[Task to complete]: Transcribe every record as it stands and set the images aside.

(Stored items)
══════════════════════════════

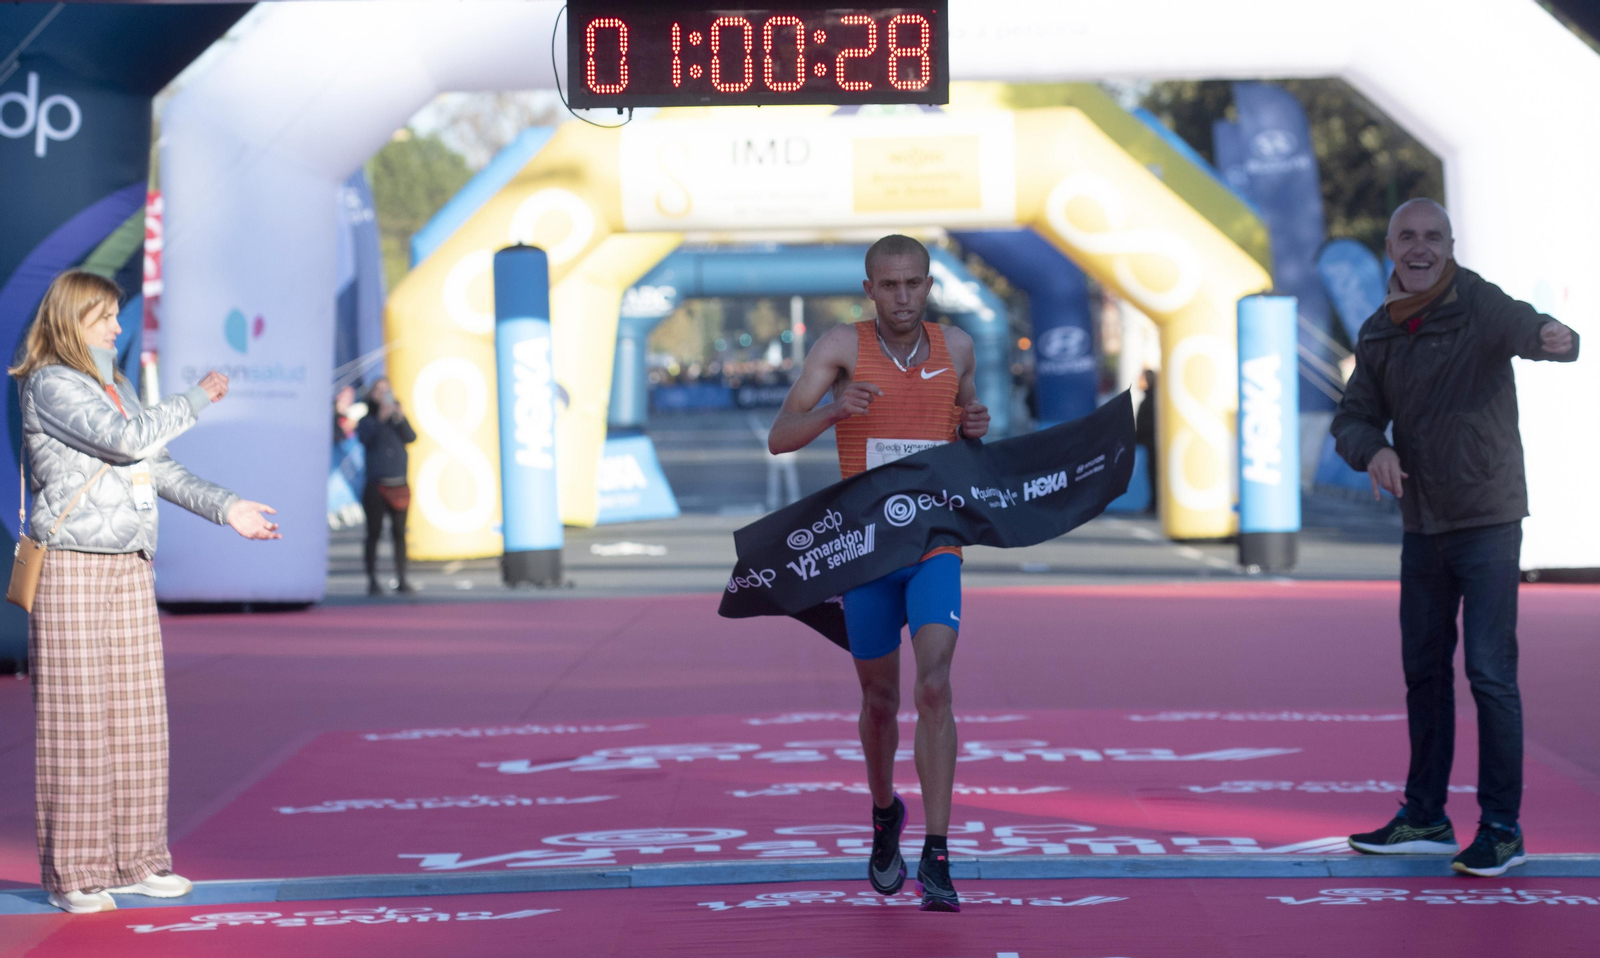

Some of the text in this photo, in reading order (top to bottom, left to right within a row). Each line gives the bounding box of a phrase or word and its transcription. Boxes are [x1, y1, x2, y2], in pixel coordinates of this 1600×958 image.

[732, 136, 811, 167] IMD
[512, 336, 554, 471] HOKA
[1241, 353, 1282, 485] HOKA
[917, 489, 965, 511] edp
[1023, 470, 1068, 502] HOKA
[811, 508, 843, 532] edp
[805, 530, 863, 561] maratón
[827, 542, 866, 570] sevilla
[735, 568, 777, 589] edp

══════════════════════════════

[Written reply]:
Some of the text in this photo, in reading order (top to bottom, left to right within a row). Each line gives the bounding box of a phrase or word and its transcription. Boxes are [x1, y1, x2, y2], in pixel coordinates of this 1600×958 image.

[732, 136, 811, 167] IMD
[512, 336, 554, 471] HOKA
[1241, 353, 1282, 485] HOKA
[917, 489, 965, 511] edp
[1023, 470, 1068, 502] HOKA
[811, 508, 843, 532] edp
[805, 530, 863, 561] maratón
[827, 542, 866, 570] sevilla
[735, 568, 777, 589] edp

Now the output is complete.